Jerusalem, 7 August, 2025 (TPS-IL) — In a landmark achievement for regenerative medicine, researchers from Sheba Medical Center and Tel Aviv University have successfully grown human kidney organoids from tissue-specific stem cells, closely mirroring the process of fetal kidney development in the womb, researchers announced on Wednesday. The kidney structures matured in the lab over more than six months — making them the longest-lived and most stable lab-grown kidney organoids to date. This breakthrough opens the door to major advances in diagnosing birth defects, treating kidney diseases, and testing drug safety during pregnancy.
“This is the first time anyone has managed to grow a human kidney from tissue-specific stem cells that survives and matures in the lab for such an extended period,” said Prof. Benjamin Dekel, who led the study. Dekel is Director of Pediatric Nephrology and the Stem Cell Research Institute at Sheba’s Safra Children’s Hospital, and Director of the Sagol Center for Regenerative Medicine at Tel Aviv University. “We are actually seeing live how a developmental problem leads to kidney diseases that are seen in the clinic, which will enable the development of innovative treatments.”
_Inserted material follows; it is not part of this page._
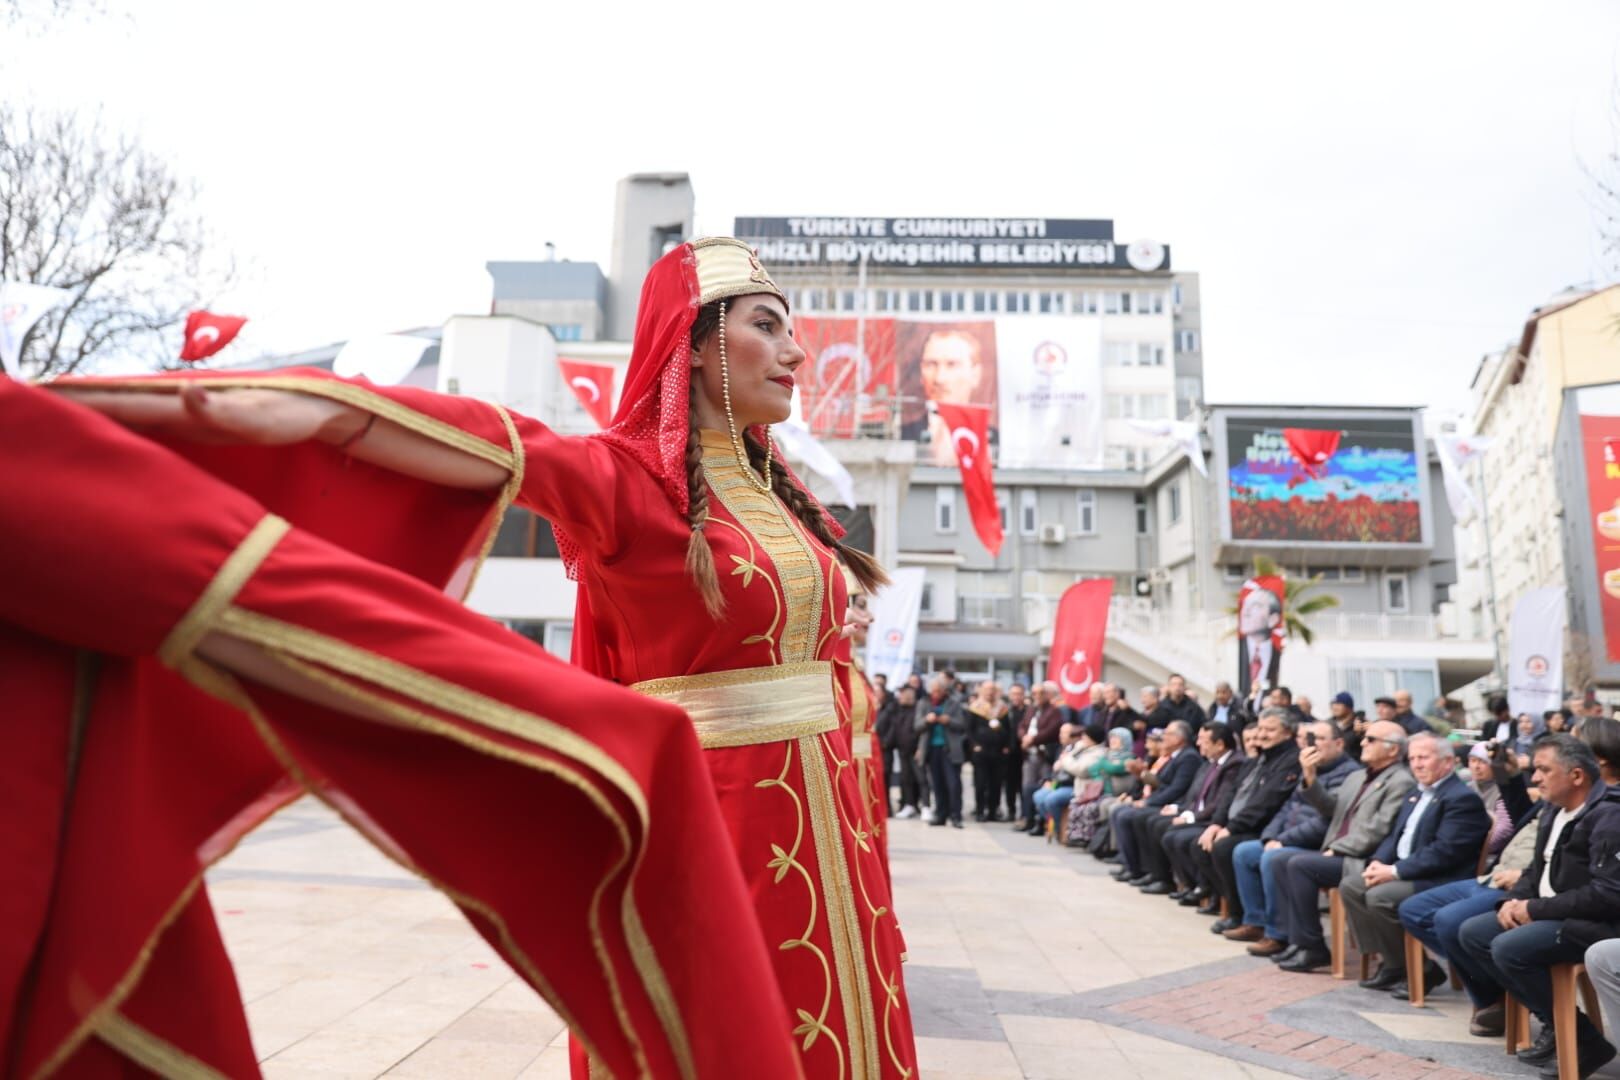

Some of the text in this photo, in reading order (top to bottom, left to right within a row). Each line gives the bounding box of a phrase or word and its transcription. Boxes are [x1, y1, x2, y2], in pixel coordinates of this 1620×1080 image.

The study was recently published in The EMBO Journal, a peer-reviewed medical journal.
Organoids — miniature, lab-grown versions of human organs — are powerful tools for studying human biology. Until now, kidney organoids created from pluripotent stem cells would begin to degrade after about a month, often containing cells from unrelated tissues that compromised experimental results. In contrast, the organoids grown in Dekel’s lab developed from kidney-specific stem cells, which only differentiate into kidney structures. This purity enables precise experimentation and long-term observation of kidney development as it naturally occurs in the womb.
“The process we observed corresponds with the stages of kidney growth in utero until about the 34th week of pregnancy,” Dekel explained. “The organoid formed key structures such as blood-filtering cells, renal ducts, and urinary tracts — providing us with a highly accurate and sustained model of the developing human kidney.”
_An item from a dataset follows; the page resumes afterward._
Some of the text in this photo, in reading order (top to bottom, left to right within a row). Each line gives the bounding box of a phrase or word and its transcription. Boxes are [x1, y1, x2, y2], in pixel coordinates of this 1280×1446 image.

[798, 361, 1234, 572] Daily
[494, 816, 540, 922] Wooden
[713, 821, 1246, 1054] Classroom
The implications of the research are wide-ranging. One of the most immediate applications is in the study of birth defects. Using this model, scientists can manipulate genes and signaling pathways to observe how malformations arise in real time. “When we selectively blocked a certain signaling pathway, we saw how it led to a birth defect,” Dekel said. “This kind of live observation has never before been possible, and it’s a major step forward in understanding congenital kidney diseases.”
Another transformative application is drug safety testing. Because the organoid closely resembles a fetal kidney, researchers can use it to test how medications taken during pregnancy might affect kidney development. This provides a new way to screen for drug toxicity in utero — something previously limited by ethical and biological constraints.
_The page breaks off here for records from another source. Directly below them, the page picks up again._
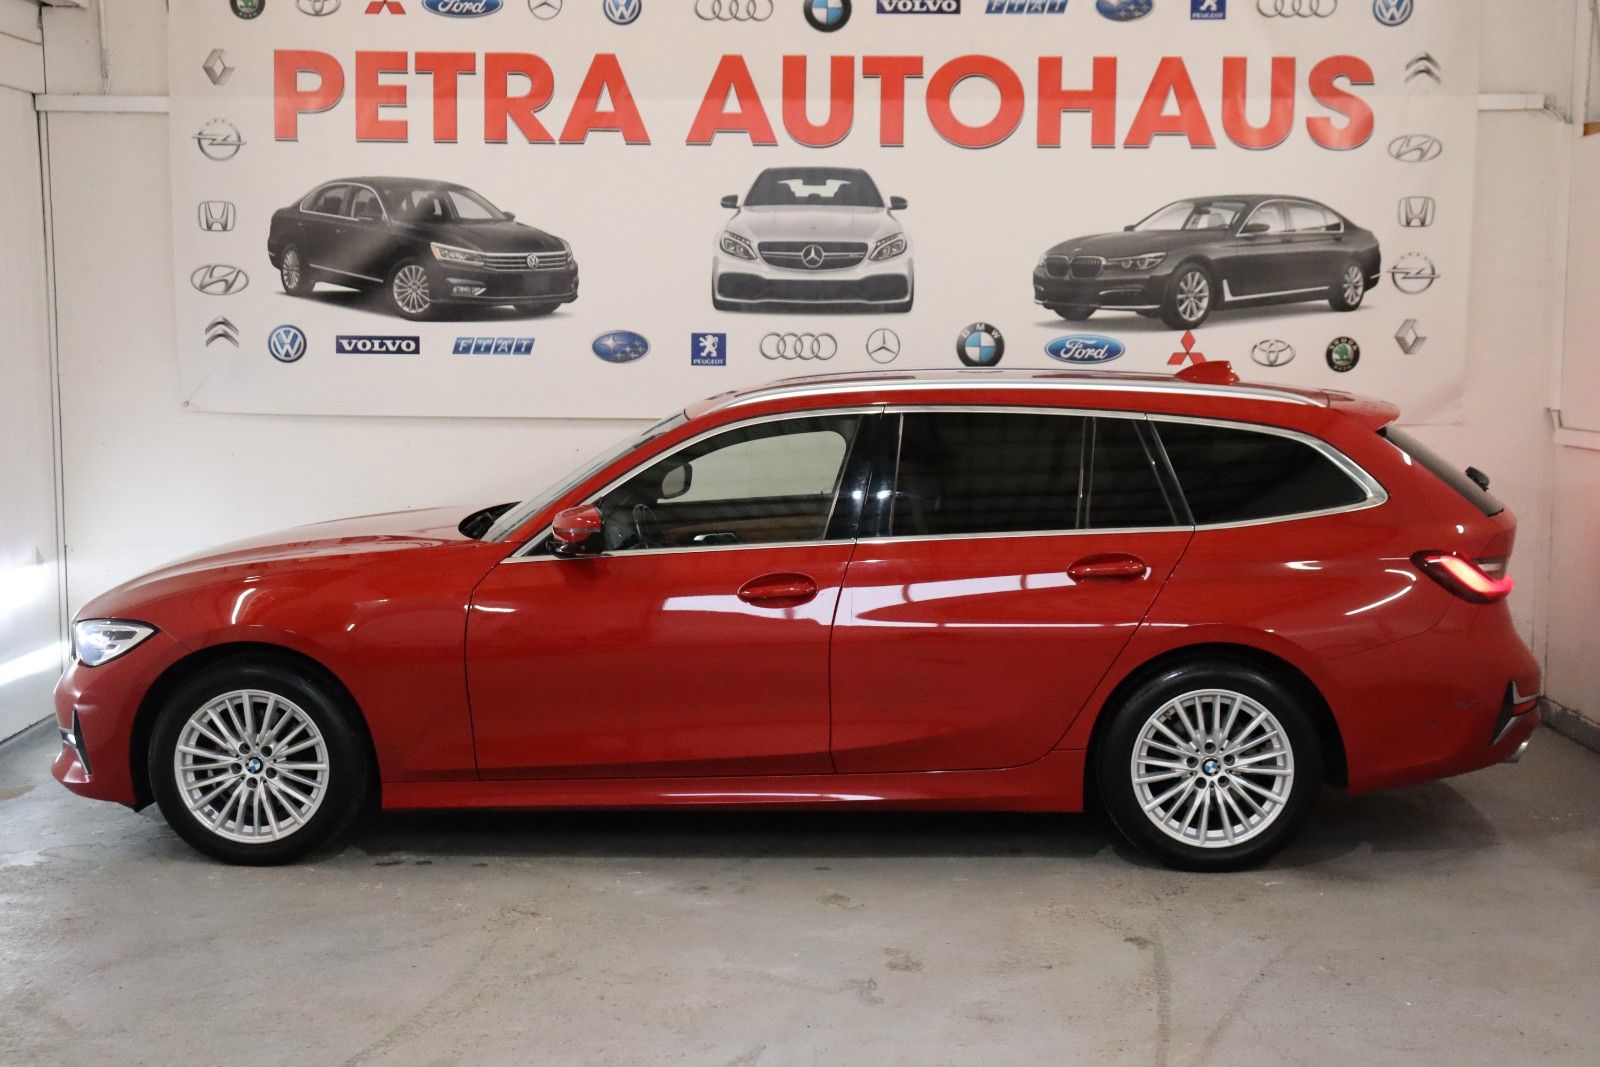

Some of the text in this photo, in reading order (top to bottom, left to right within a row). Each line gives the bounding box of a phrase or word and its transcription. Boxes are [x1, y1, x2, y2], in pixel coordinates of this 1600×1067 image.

[881, 0, 957, 12] VOLVO
[273, 49, 1375, 150] PETRA AUTOHAUS
[961, 323, 1000, 339] BMW
[339, 339, 416, 352] VOLVO
[458, 340, 530, 352] FIAT
[1060, 338, 1110, 359] Ford
The breakthrough also carries enormous potential for regenerative medicine.
“The fact that we can grow kidney tissue stem cells outside the body over time opens the door to regenerative medicine—that is, transplanting kidney tissue grown in the laboratory into patients, or alternatively using the signals the organoid secretes to repair or rejuvenate a damaged kidney,” Dekel said. In the future, such lab-grown tissues could help treat patients with chronic kidney disease, potentially delaying or even avoiding the need for dialysis or full organ transplants.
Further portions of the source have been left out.